(Problem to solve)
Transcribe the data exactly. Pictures stay out.

(Saved entries)

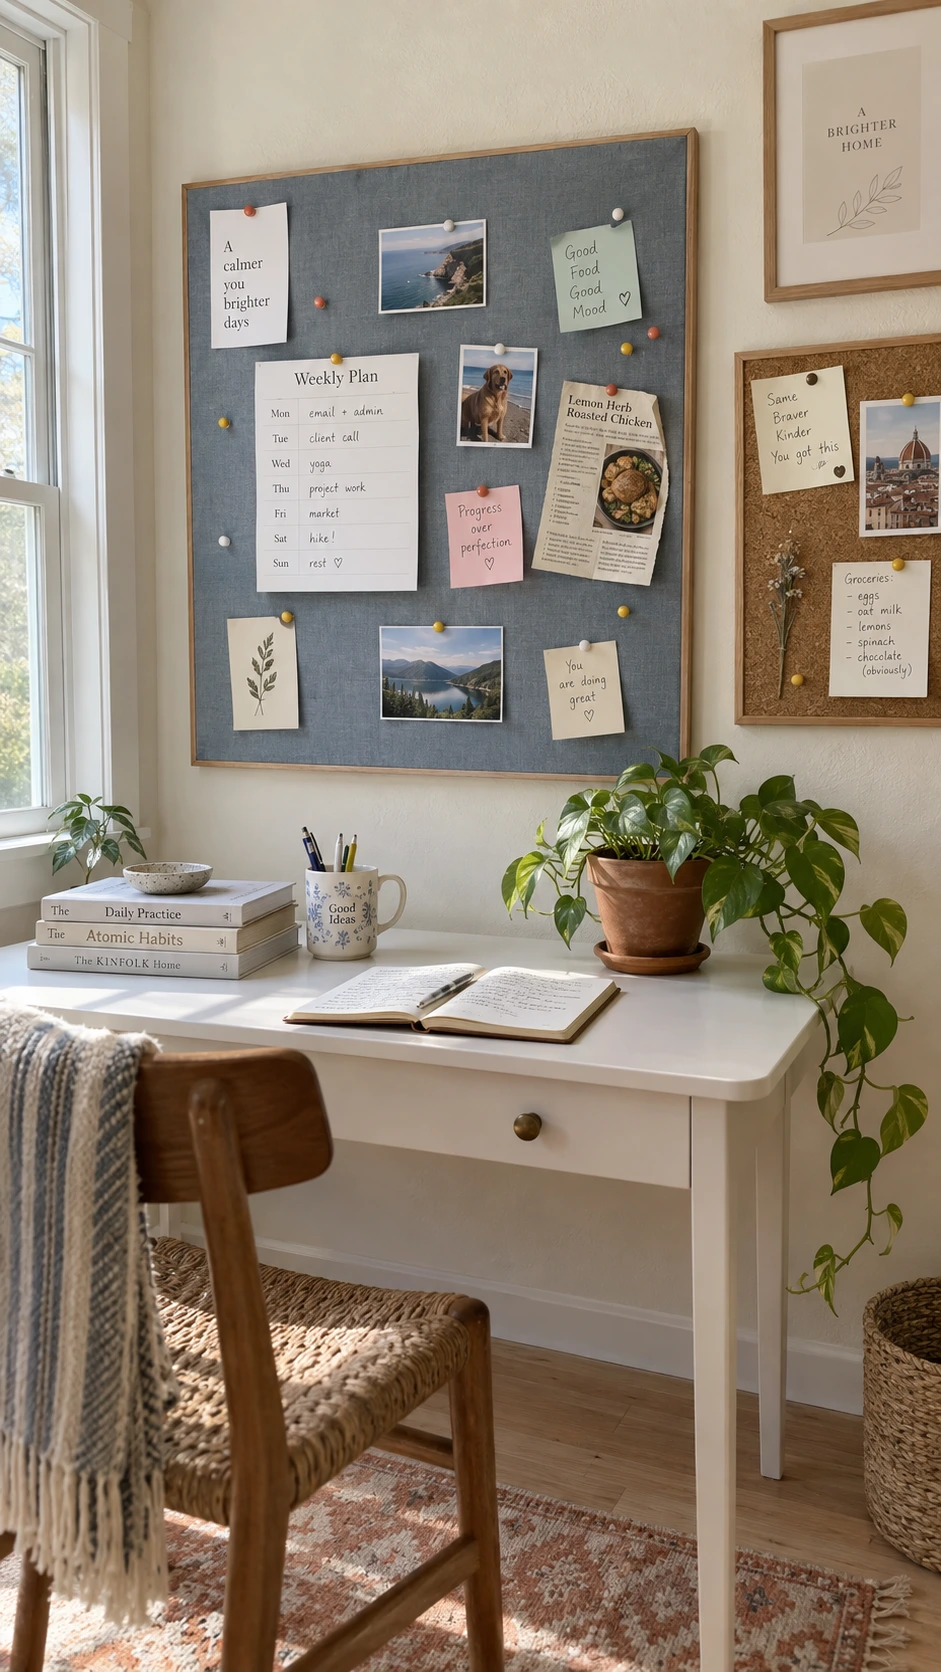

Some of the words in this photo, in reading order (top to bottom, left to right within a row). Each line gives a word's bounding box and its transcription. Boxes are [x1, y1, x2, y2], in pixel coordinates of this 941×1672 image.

[857, 107, 866, 117] A
[827, 118, 897, 138] BRIGHTER
[842, 137, 882, 152] HOME
[223, 240, 233, 252] A
[565, 240, 598, 261] Good
[223, 258, 263, 271] calmer
[570, 260, 600, 279] Food
[223, 280, 245, 294] you
[569, 280, 603, 300] Good
[223, 295, 270, 312] brighter
[573, 299, 607, 319] Mood
[223, 315, 249, 331] days
[294, 371, 344, 388] Weekly
[349, 369, 378, 384] Plan
[568, 395, 603, 409] Lemon
[606, 400, 632, 413] Herb
[767, 392, 798, 406] Same
[271, 409, 290, 418] Mon
[309, 406, 335, 418] email
[354, 405, 384, 417] admin
[567, 407, 608, 422] Roasted
[610, 413, 653, 428] Chicken
[773, 410, 809, 424] Braver
[272, 434, 289, 443] Tue
[309, 432, 336, 443] client
[342, 431, 359, 442] call
[776, 426, 812, 442] Kinder
[770, 450, 790, 464] You
[796, 444, 812, 465] got
[818, 441, 840, 454] this
[271, 459, 291, 468] Wed
[309, 460, 332, 474] yoga
[272, 484, 290, 494] Thu
[309, 482, 339, 498] project
[345, 482, 366, 493] work
[274, 509, 287, 518] Fri
[309, 508, 340, 518] market
[458, 503, 502, 521] Progress
[471, 523, 493, 535] over
[274, 534, 287, 543] Sat
[460, 537, 513, 557] perfection
[273, 558, 289, 568] Sun
[309, 558, 327, 568] rest
[844, 572, 894, 585] Groceries:
[858, 592, 880, 606] eggs
[858, 605, 874, 616] oat
[880, 604, 903, 615] milk
[858, 621, 892, 631] lemons
[858, 636, 895, 650] spinach
[857, 650, 902, 662] chocolate
[565, 659, 583, 674] You
[862, 663, 913, 679] (obviously)
[559, 679, 575, 689] are
[581, 675, 606, 690] doing
[569, 691, 596, 710] great
[51, 905, 70, 916] The
[105, 906, 134, 921] Daily
[137, 907, 182, 919] Practice
[328, 902, 356, 913] Good
[329, 914, 356, 924] Ideas
[86, 929, 135, 944] Atomic
[139, 931, 184, 947] Habits
[74, 955, 93, 965] The
[96, 956, 150, 968] KINFOLK
[153, 960, 181, 970] Home
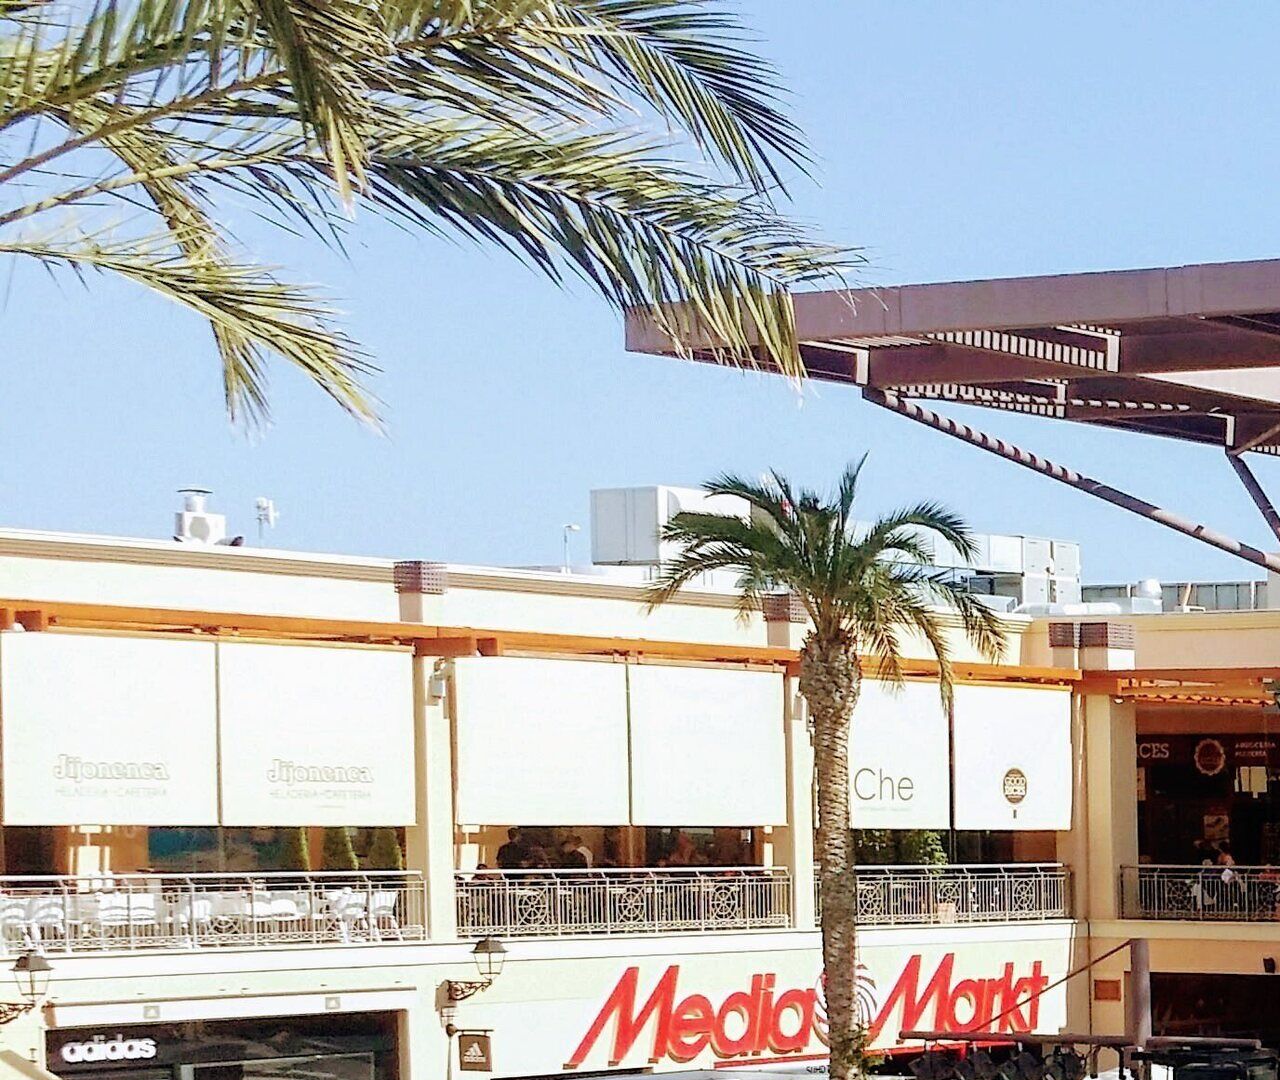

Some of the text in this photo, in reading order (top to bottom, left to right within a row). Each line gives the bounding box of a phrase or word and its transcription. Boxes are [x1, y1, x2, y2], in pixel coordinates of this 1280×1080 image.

[1138, 742, 1170, 759] CES
[854, 767, 914, 801] Che
[563, 952, 1049, 1069] Media Markt
[61, 1033, 157, 1063] adidas
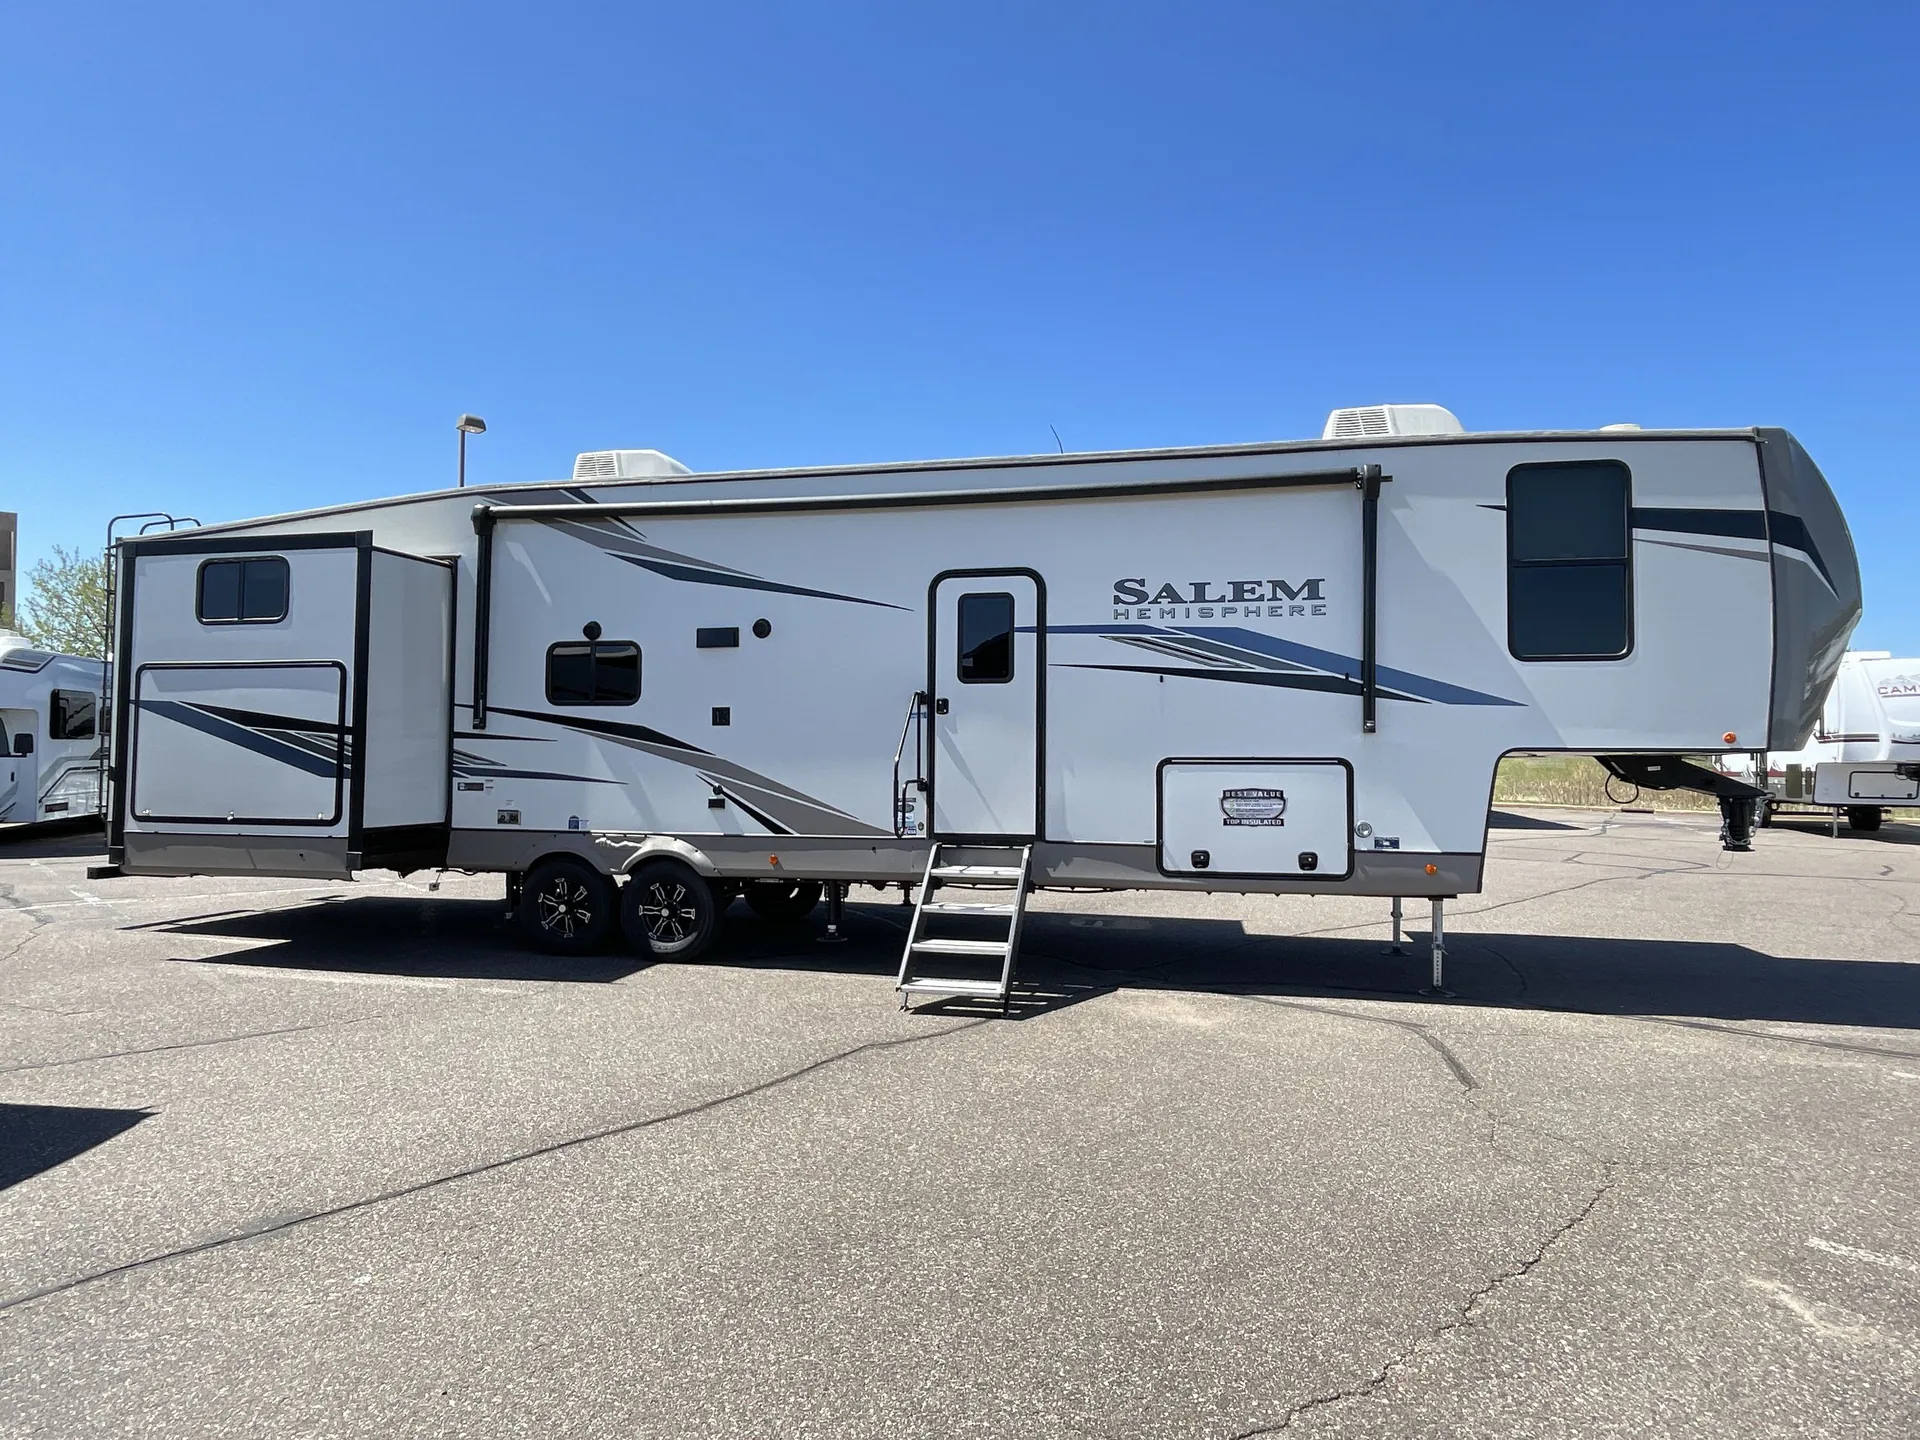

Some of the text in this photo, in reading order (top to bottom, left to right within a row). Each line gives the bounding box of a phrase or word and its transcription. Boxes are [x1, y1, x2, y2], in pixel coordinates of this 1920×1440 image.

[1113, 578, 1325, 605] SALEM
[1113, 604, 1327, 620] HEMISPHERE
[1877, 685, 1920, 695] CAM
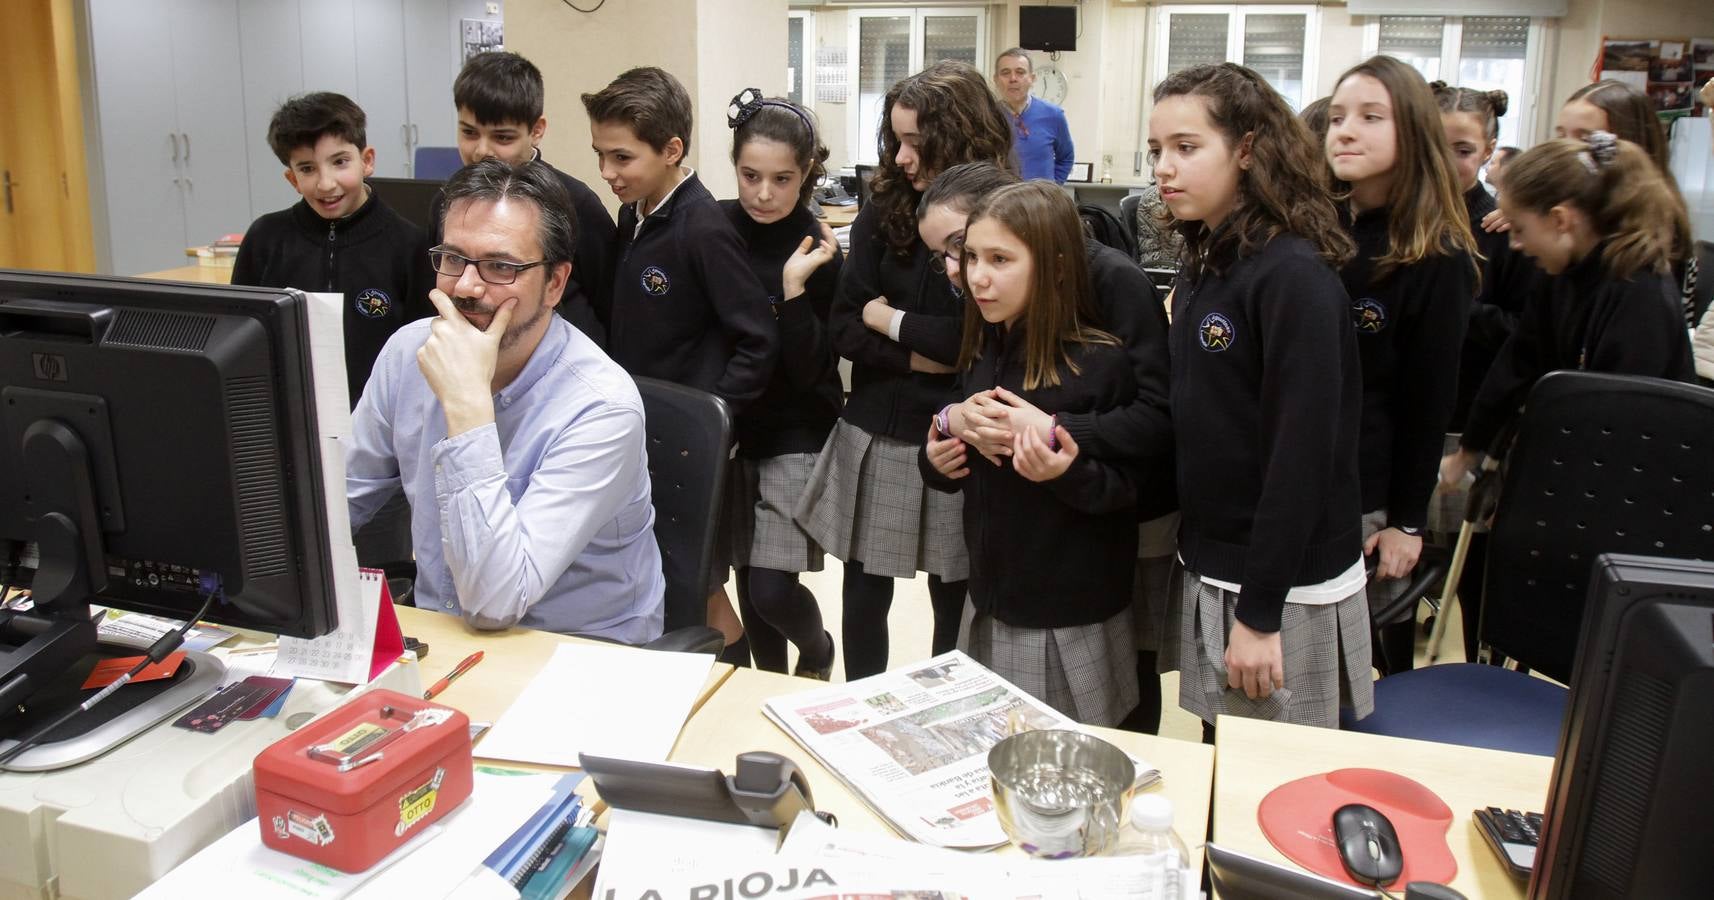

(Your response)
Some of the words in this photo, in reading order (top to bottom, left to right within a row). Each line gives a word's bounding box and its transcription. Boxes are [x1, y1, x2, y2], in pixel coordinates of this 941×1672 image.

[857, 107, 866, 117] A
[827, 118, 897, 138] BRIGHTER
[842, 137, 882, 152] HOME
[223, 240, 233, 252] A
[565, 240, 598, 261] Good
[223, 258, 263, 271] calmer
[570, 260, 600, 279] Food
[223, 280, 245, 294] you
[569, 280, 603, 300] Good
[223, 295, 270, 312] brighter
[573, 299, 607, 319] Mood
[223, 315, 249, 331] days
[294, 371, 344, 388] Weekly
[349, 369, 378, 384] Plan
[568, 395, 603, 409] Lemon
[606, 400, 632, 413] Herb
[767, 392, 798, 406] Same
[271, 409, 290, 418] Mon
[309, 406, 335, 418] email
[354, 405, 384, 417] admin
[567, 407, 608, 422] Roasted
[610, 413, 653, 428] Chicken
[773, 410, 809, 424] Braver
[272, 434, 289, 443] Tue
[309, 432, 336, 443] client
[342, 431, 359, 442] call
[776, 426, 812, 442] Kinder
[770, 450, 790, 464] You
[796, 444, 812, 465] got
[818, 441, 840, 454] this
[271, 459, 291, 468] Wed
[309, 460, 332, 474] yoga
[272, 484, 290, 494] Thu
[309, 482, 339, 498] project
[345, 482, 366, 493] work
[274, 509, 287, 518] Fri
[309, 508, 340, 518] market
[458, 503, 502, 521] Progress
[471, 523, 493, 535] over
[274, 534, 287, 543] Sat
[460, 537, 513, 557] perfection
[273, 558, 289, 568] Sun
[309, 558, 327, 568] rest
[844, 572, 894, 585] Groceries:
[858, 592, 880, 606] eggs
[858, 605, 874, 616] oat
[880, 604, 903, 615] milk
[858, 621, 892, 631] lemons
[858, 636, 895, 650] spinach
[857, 650, 902, 662] chocolate
[565, 659, 583, 674] You
[862, 663, 913, 679] (obviously)
[559, 679, 575, 689] are
[581, 675, 606, 690] doing
[569, 691, 596, 710] great
[51, 905, 70, 916] The
[105, 906, 134, 921] Daily
[137, 907, 182, 919] Practice
[328, 902, 356, 913] Good
[329, 914, 356, 924] Ideas
[86, 929, 135, 944] Atomic
[139, 931, 184, 947] Habits
[74, 955, 93, 965] The
[96, 956, 150, 968] KINFOLK
[153, 960, 181, 970] Home

Some of the text in this photo, in reading order (top to bottom, left to right within a row). Each line gives the bounding box of a phrase or word and its transcription. Boxes are [x1, y1, x2, y2], in pixel coordinates of this 1280×1080 image.

[1138, 742, 1170, 759] CES
[854, 767, 914, 801] Che
[563, 952, 1049, 1069] Media Markt
[61, 1033, 157, 1063] adidas

Some of the text in this photo, in reading order (top to bottom, left to right within a row). Each line gives the bounding box of a phrase or word and its transcription. Boxes are [x1, y1, x2, y2], in pixel coordinates of this 1920×1440 image.

[1113, 578, 1325, 605] SALEM
[1113, 604, 1327, 620] HEMISPHERE
[1877, 685, 1920, 695] CAM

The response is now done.